Some things to keep in mind:
- Multiple streams can append to the same table concurrently, but if there are any non-append writers (e.g. merge writers) then no other writers should run concurrently with the non-append writer. There are some distinctions here depending on whether the jobs are running in a Databricks runtime or not, and whether those jobs are running in the same workspace. Generally speaking it’s best to only use append-only tables as streaming sources.
- When there are any non-append writers, an optimize cannot run externally. In essence it should be executed inline in a streaming job when the merge writer is not running, i.e. periodically within a
foreachBatch. Locking features only available in the Databricks runtime may allow for concurrent upsert writers, but your mileage may vary!

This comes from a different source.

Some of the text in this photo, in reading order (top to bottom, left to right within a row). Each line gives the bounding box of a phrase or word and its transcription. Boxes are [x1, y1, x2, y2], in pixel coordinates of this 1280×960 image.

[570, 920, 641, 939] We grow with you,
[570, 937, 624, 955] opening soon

- Checkpoints must be managed carefully. each checkpoint location should belong exclusively to a single write stream. restarts of the job must always use the same checkpoint location. do not reference the same checkpoint location from multiple write streams as they will overwrite each others checkpoints (very bad).
Building further upon the foundation laid by transactions, Delta Lake provides
OPTIMIZE command, which helps prevent the small files problem entirely.
In the streaming context, it is highly unlikely that event data will come in perfectly even-sized batches that can be written to storage. At a high level, when the optimize command is run it will:
- Create a new transaction
- Take a bunch of small files
- Combine them together as larger, well-sized and compressed files
- Write those to storage
- Completes the transaction.
This can all be done online which means whatever data is streaming into the table can continue to stream.
NOTE: Since optimize doesn’t delete those small files after it operates, periodic vacuum commands are necessary to reduce storage bloat.
Delta Lake is a great piece of technology for streams and batch workloads alike, regardless of how it is used, there are some general limitations to bear in mind. Perhaps the most notable is that it can/should only be accessed from Apache Spark. This usually means that a Spark cluster must be launched in order to read or write from Delta tables, and the corresponding costs associated with that should be known. While there are efforts to provide client APIs external to Spark, nothing yet exists which is production ready.
We are Databricks customers, which means we’re actually using the proprietary Delta libraries which are include in the Databricks Spark runtimes. In our testing and development we have observed a number of important gaps between what is available in the open source delta.io client libraries, compared to what is present in the Databricks version. These gaps have mostly affected our ability to do fully local testing, dictating a certain amount of manual testing for Spark streaming jobs launched in Databricks, before they are deployed to production.
There are a number of other caveats when using Delta that are important to be aware of, and while I cannot cite every single one here I will stress: read the documentation thoroughly. There are a number of callouts in the docs which highlight a constraint or behavior which will impact the design of streaming systems you may build on Delta Lake. Very little of what we learned working with Databricks was not documented, in almost all cases we had misread, misunderstood, or simply missed a salient detail in the documentation.
We started working on the real-time data platform in January, our first production streaming workloads were deployed by March. Adopting Delta Lake allowed us to move quickly and deploy streaming systems at an incredible pace. For a company that has a long history of batch workloads, the sudden arrival of streaming data has been transformative. Rather than waiting 24-48 hours for data in some cases, data consumers are able to access newly written data within seconds.